Martel. M-C, Avis, Conseil économique, social et environnemental, Paris, 15 novembre 2017, 194 p.

Depuis la fin des années 1950, la politique culturelle française fondée par André Malraux s’est appuyée sur trois piliers : soutenir la création, préserver le patrimoine, démocratiser la culture. La finalité de ce dernier volet était simple : «donner à tous un accès à la culture, en mettant l’accent sur la valeur civilisatrice et éducative des arts».
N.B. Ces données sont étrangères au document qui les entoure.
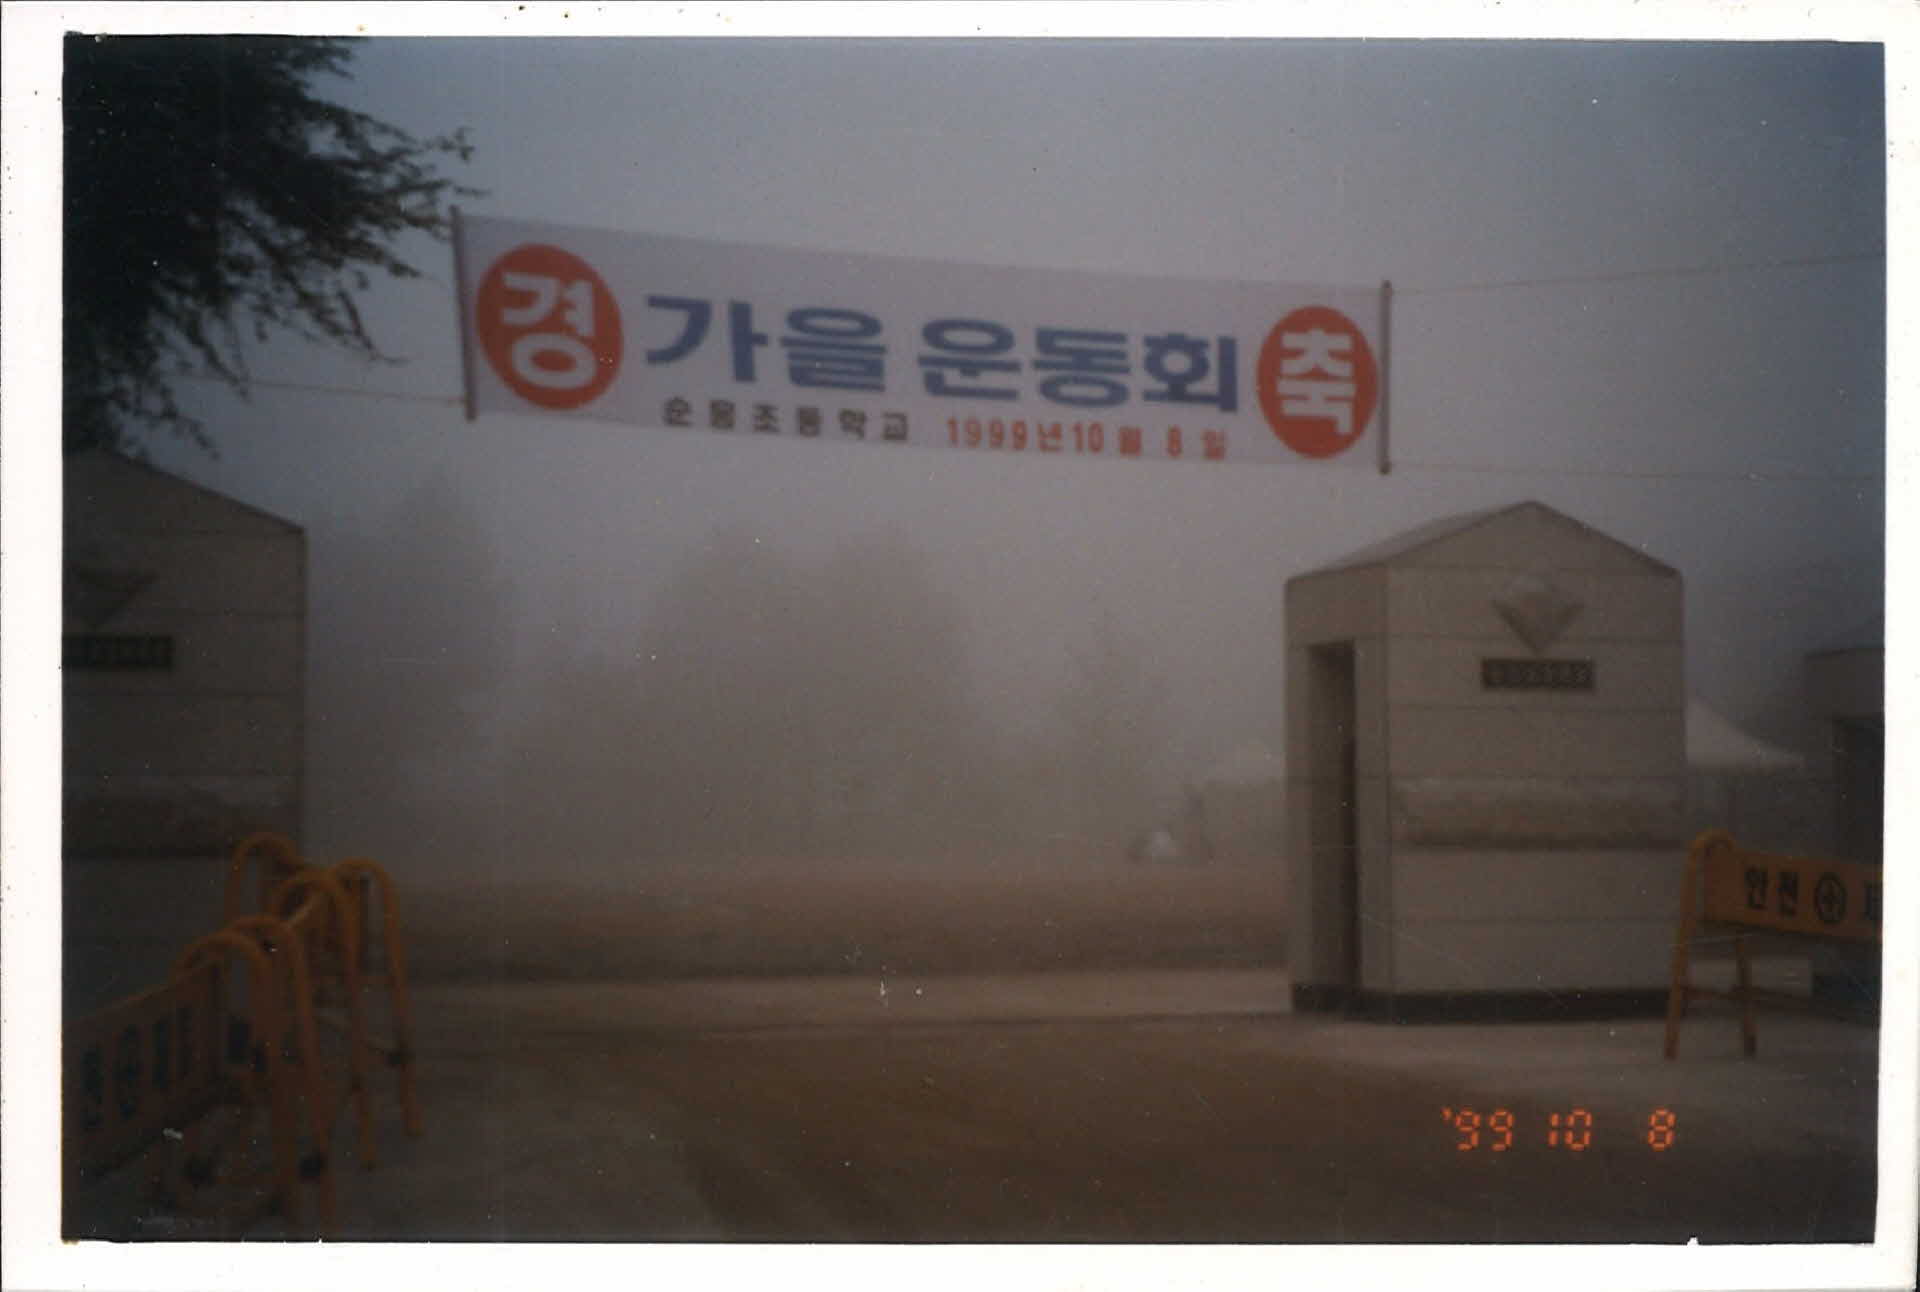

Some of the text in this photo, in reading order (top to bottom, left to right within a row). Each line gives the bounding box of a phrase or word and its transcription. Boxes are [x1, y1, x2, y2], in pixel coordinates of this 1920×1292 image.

[502, 271, 1359, 436] 경 가을 운동회 축
Au fil des décennies, cette vision a été en partie remise en question. La critique de la «démocratisation culturelle» a porté sur son parti pris élitiste d’homogénéisation «du haut vers le bas» et sur la minoration d’une culture plurielle.

D’autres évolutions d’ordre politique, sociétal, économique et technologique dont fondamentalement la mondialisation, sont venues s’ajouter avec le temps,. La culture est devenue de plus en plus un bien marchand, mais les pratiques culturelles et les publics se sont diversifiés et enrichis. En même temps, «la participation du public à la création et à la diffusion des œuvres, s’est démultipliée avec l’avènement du numérique, les droits culturels ont été reconnus au plan international, enfin, la démocratie participative a connu un regain d’intérêt avec l’apparition de dispositifs de co-construction politique».

Face à ces mutations, un concept nouveau a émergé dès les années 1970-80, celui de «démocratie culturelle». Trois axes sont ainsi concernés: la participation et la co-construction des politiques culturelles, l’animation et la médiation culturelles et les pratiques artistiques en amateur.

S’appuyant sur une politique de démocratisation, dont l’objectif est de rendre la culture accessible à chacun, mais déployant un potentiel d’action plus important, «la démocratie culturelle participe à l’émancipation des citoyens et au renforcement de la cohésion sociale et de l’inclusion (…). Elle donne à tous un accès au patrimoine et la possibilité de participer à la vie de la cité».

Elle présente aussi un cadre d’action propice à l’intégration et à la coexistence de toutes les cultures. «Elle offre ainsi la possibilité pour chacun d’être acteur de sa propre culture, autrement dit de forger son humanité en réalisant la synthèse d’une histoire à la fois individuelle et collective, dans une logique de continuité temporelle entre passé, présent et avenir».

De ce fait, la démocratie culturelle établit un pont entre les deux principales acceptions de la culture: «entre d’une part, l’accès aux oeuvres artistiques (au sens large), et d’autre part notre système de valeurs et de représentations, et donc notre façon d’appréhender le monde».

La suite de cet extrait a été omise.